→ **About this exercise**: Repeat the listing verbatim. Drop any pictures.

- - - - -

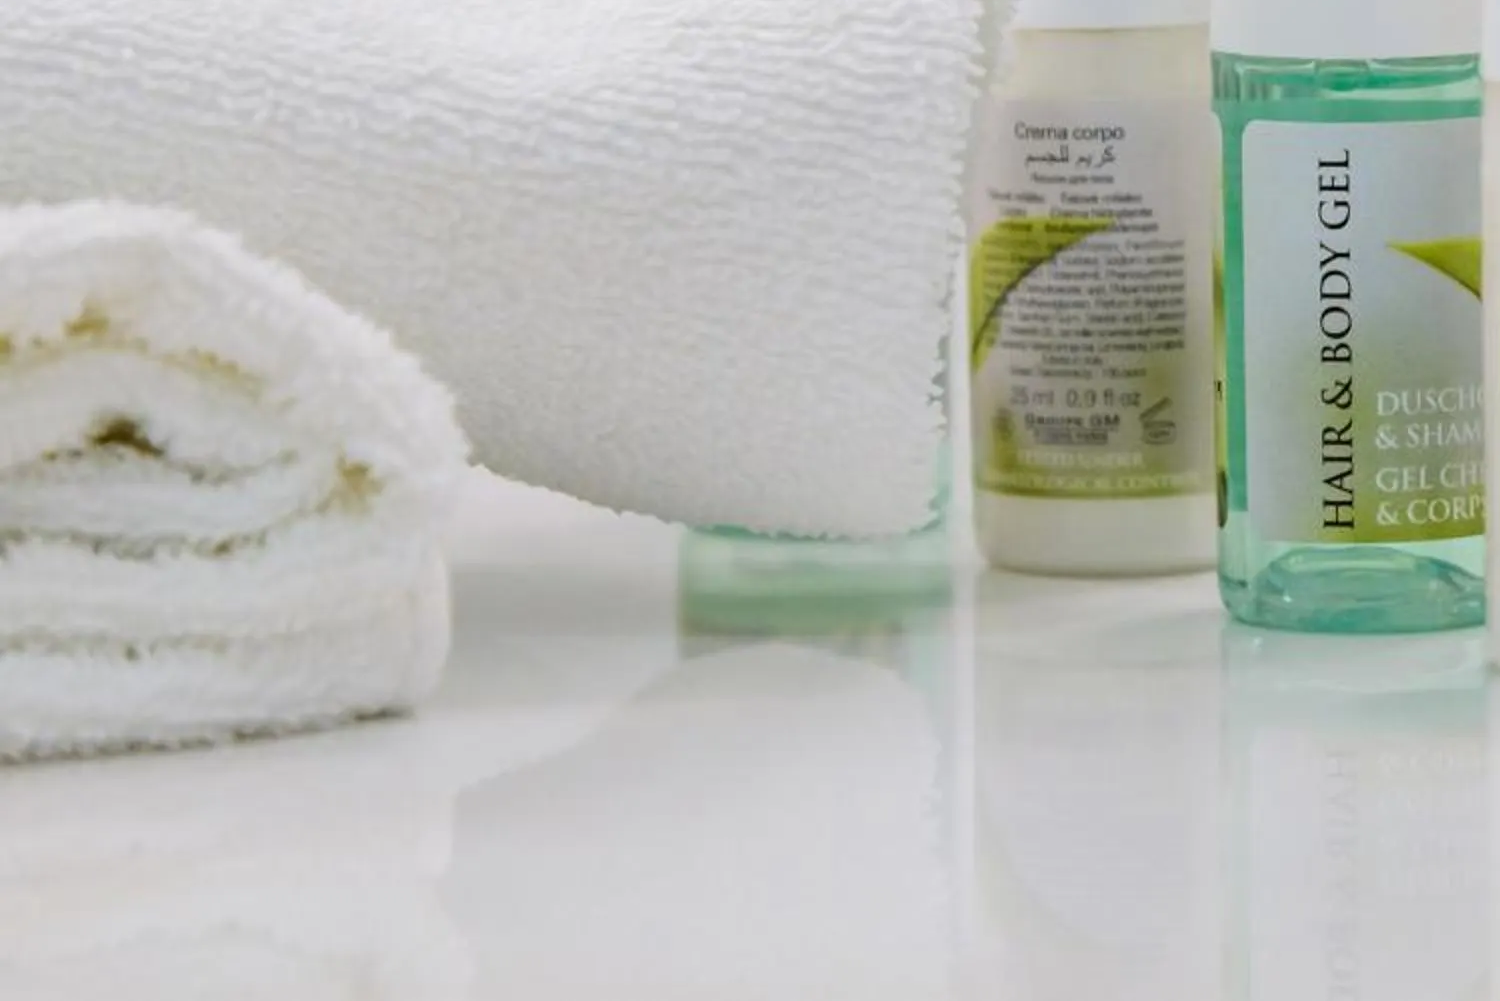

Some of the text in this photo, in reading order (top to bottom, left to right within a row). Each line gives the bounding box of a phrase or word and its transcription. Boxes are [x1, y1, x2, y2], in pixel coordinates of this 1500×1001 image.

[1014, 122, 1126, 143] Crema corpo
[1318, 149, 1354, 529] HAIR & BODY GEL
[1375, 423, 1400, 449] &
[1375, 465, 1435, 493] GEL
[1376, 501, 1401, 526] &
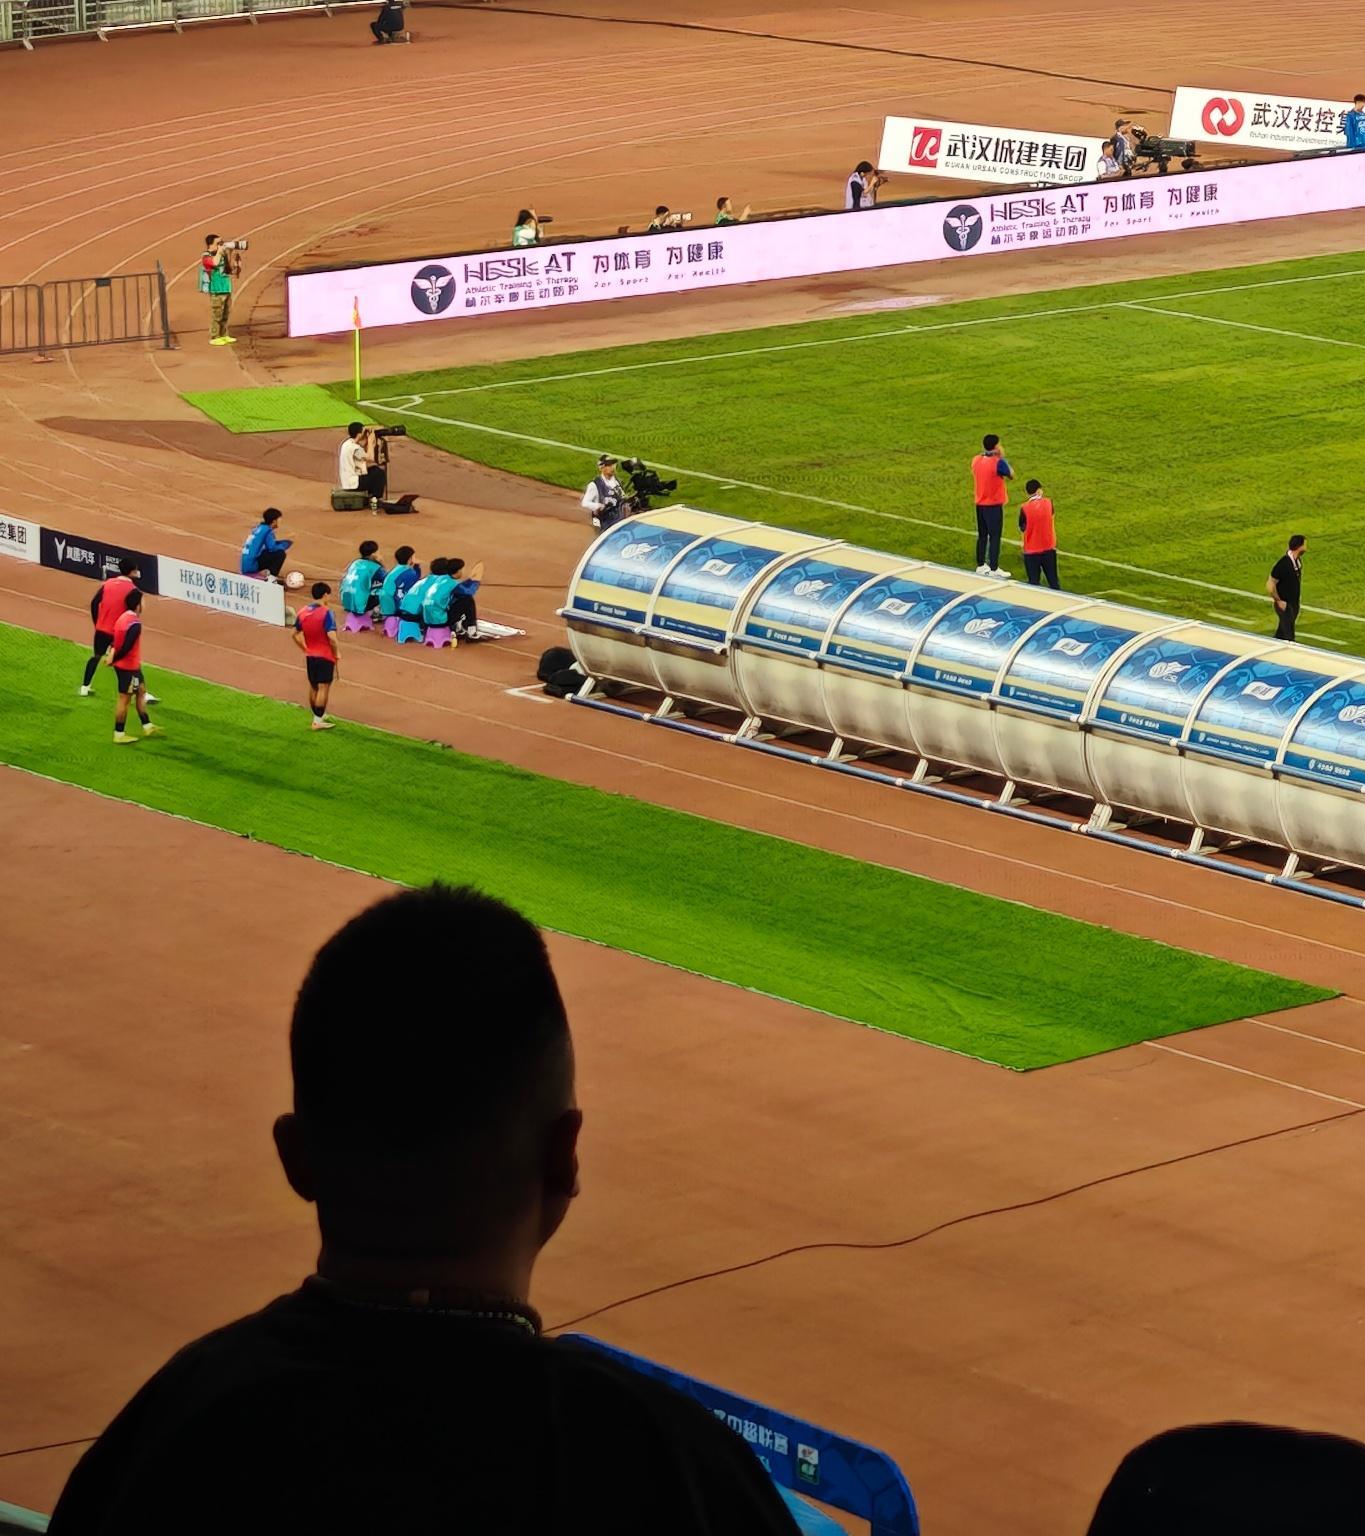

- - - - -

→ **Finished exercise**:
Some of the text in this photo, in reading order (top to bottom, left to right within a row). Each line gives the bounding box of a phrase or word and its transcription. Boxes are [x1, y1, x2, y2], in pixel coordinates of this 1500×1001 image.

[1014, 122, 1126, 143] Crema corpo
[1318, 149, 1354, 529] HAIR & BODY GEL
[1375, 423, 1400, 449] &
[1375, 465, 1435, 493] GEL
[1376, 501, 1401, 526] &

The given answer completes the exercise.